:: WORK TO BE COMPLETED ::
Reproduce each record in the listing below exactly as written.

:: EXERCISE INPUTS ::

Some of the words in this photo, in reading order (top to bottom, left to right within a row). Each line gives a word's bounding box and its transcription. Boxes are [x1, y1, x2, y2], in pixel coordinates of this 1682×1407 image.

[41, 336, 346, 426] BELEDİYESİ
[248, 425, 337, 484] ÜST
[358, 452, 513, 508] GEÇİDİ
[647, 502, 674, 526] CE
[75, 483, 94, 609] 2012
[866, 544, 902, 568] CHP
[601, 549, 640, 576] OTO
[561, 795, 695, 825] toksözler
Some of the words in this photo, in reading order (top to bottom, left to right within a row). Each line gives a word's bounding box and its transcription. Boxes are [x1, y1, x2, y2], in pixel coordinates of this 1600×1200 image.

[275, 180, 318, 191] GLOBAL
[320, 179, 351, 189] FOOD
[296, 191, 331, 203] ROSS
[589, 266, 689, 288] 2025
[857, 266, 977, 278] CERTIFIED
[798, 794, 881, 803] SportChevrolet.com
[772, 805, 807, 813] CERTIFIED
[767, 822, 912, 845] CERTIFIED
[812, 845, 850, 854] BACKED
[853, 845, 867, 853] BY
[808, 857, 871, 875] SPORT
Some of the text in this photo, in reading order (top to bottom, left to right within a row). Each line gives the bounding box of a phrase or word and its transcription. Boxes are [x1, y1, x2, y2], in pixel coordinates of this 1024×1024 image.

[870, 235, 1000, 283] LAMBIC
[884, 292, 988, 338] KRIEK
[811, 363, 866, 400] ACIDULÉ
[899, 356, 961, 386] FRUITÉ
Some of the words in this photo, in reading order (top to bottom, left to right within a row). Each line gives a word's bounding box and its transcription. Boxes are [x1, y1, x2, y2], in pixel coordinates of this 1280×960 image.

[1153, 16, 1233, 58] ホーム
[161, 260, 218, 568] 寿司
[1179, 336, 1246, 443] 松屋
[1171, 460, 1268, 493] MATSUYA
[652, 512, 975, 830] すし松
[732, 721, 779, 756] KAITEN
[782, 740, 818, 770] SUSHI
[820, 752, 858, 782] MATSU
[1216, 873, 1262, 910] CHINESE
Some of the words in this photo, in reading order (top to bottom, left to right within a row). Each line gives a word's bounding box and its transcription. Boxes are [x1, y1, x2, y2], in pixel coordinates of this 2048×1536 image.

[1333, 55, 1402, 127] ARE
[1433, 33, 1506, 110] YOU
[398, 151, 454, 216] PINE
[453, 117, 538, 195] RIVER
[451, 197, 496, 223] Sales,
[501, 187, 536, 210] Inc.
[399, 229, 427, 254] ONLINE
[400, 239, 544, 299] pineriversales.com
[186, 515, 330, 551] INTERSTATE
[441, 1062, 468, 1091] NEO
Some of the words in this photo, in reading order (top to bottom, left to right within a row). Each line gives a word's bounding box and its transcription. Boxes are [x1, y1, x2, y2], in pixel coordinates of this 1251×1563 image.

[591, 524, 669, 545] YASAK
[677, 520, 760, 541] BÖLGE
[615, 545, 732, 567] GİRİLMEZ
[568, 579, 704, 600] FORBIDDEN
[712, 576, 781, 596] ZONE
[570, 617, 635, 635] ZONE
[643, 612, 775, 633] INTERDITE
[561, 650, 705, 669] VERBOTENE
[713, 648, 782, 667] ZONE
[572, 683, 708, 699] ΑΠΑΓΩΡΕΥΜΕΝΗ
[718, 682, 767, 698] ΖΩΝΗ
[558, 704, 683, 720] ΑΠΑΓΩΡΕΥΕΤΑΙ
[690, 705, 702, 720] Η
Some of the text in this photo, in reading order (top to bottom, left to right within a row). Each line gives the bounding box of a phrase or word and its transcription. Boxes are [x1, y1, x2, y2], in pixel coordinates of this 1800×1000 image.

:: RESULT FOR THIS EXERCISE ::
Some of the words in this photo, in reading order (top to bottom, left to right within a row). Each line gives a word's bounding box and its transcription. Boxes are [x1, y1, x2, y2], in pixel coordinates of this 1682×1407 image.

[41, 336, 346, 426] BELEDİYESİ
[248, 425, 337, 484] ÜST
[358, 452, 513, 508] GEÇİDİ
[647, 502, 674, 526] CE
[75, 483, 94, 609] 2012
[866, 544, 902, 568] CHP
[601, 549, 640, 576] OTO
[561, 795, 695, 825] toksözler
Some of the words in this photo, in reading order (top to bottom, left to right within a row). Each line gives a word's bounding box and its transcription. Boxes are [x1, y1, x2, y2], in pixel coordinates of this 1600×1200 image.

[275, 180, 318, 191] GLOBAL
[320, 179, 351, 189] FOOD
[296, 191, 331, 203] ROSS
[589, 266, 689, 288] 2025
[857, 266, 977, 278] CERTIFIED
[798, 794, 881, 803] SportChevrolet.com
[772, 805, 807, 813] CERTIFIED
[767, 822, 912, 845] CERTIFIED
[812, 845, 850, 854] BACKED
[853, 845, 867, 853] BY
[808, 857, 871, 875] SPORT
Some of the text in this photo, in reading order (top to bottom, left to right within a row). Each line gives the bounding box of a phrase or word and its transcription. Boxes are [x1, y1, x2, y2], in pixel coordinates of this 1024×1024 image.

[870, 235, 1000, 283] LAMBIC
[884, 292, 988, 338] KRIEK
[811, 363, 866, 400] ACIDULÉ
[899, 356, 961, 386] FRUITÉ
Some of the words in this photo, in reading order (top to bottom, left to right within a row). Each line gives a word's bounding box and its transcription. Boxes are [x1, y1, x2, y2], in pixel coordinates of this 1280×960 image.

[1153, 16, 1233, 58] ホーム
[161, 260, 218, 568] 寿司
[1179, 336, 1246, 443] 松屋
[1171, 460, 1268, 493] MATSUYA
[652, 512, 975, 830] すし松
[732, 721, 779, 756] KAITEN
[782, 740, 818, 770] SUSHI
[820, 752, 858, 782] MATSU
[1216, 873, 1262, 910] CHINESE
Some of the words in this photo, in reading order (top to bottom, left to right within a row). Each line gives a word's bounding box and its transcription. Boxes are [x1, y1, x2, y2], in pixel coordinates of this 2048×1536 image.

[1333, 55, 1402, 127] ARE
[1433, 33, 1506, 110] YOU
[398, 151, 454, 216] PINE
[453, 117, 538, 195] RIVER
[451, 197, 496, 223] Sales,
[501, 187, 536, 210] Inc.
[399, 229, 427, 254] ONLINE
[400, 239, 544, 299] pineriversales.com
[186, 515, 330, 551] INTERSTATE
[441, 1062, 468, 1091] NEO
Some of the words in this photo, in reading order (top to bottom, left to right within a row). Each line gives a word's bounding box and its transcription. Boxes are [x1, y1, x2, y2], in pixel coordinates of this 1251×1563 image.

[591, 524, 669, 545] YASAK
[677, 520, 760, 541] BÖLGE
[615, 545, 732, 567] GİRİLMEZ
[568, 579, 704, 600] FORBIDDEN
[712, 576, 781, 596] ZONE
[570, 617, 635, 635] ZONE
[643, 612, 775, 633] INTERDITE
[561, 650, 705, 669] VERBOTENE
[713, 648, 782, 667] ZONE
[572, 683, 708, 699] ΑΠΑΓΩΡΕΥΜΕΝΗ
[718, 682, 767, 698] ΖΩΝΗ
[558, 704, 683, 720] ΑΠΑΓΩΡΕΥΕΤΑΙ
[690, 705, 702, 720] Η
Some of the text in this photo, in reading order (top to bottom, left to right within a row). Each line gives the bounding box of a phrase or word and its transcription. Boxes are [x1, y1, x2, y2], in pixel coordinates of this 1800×1000 image.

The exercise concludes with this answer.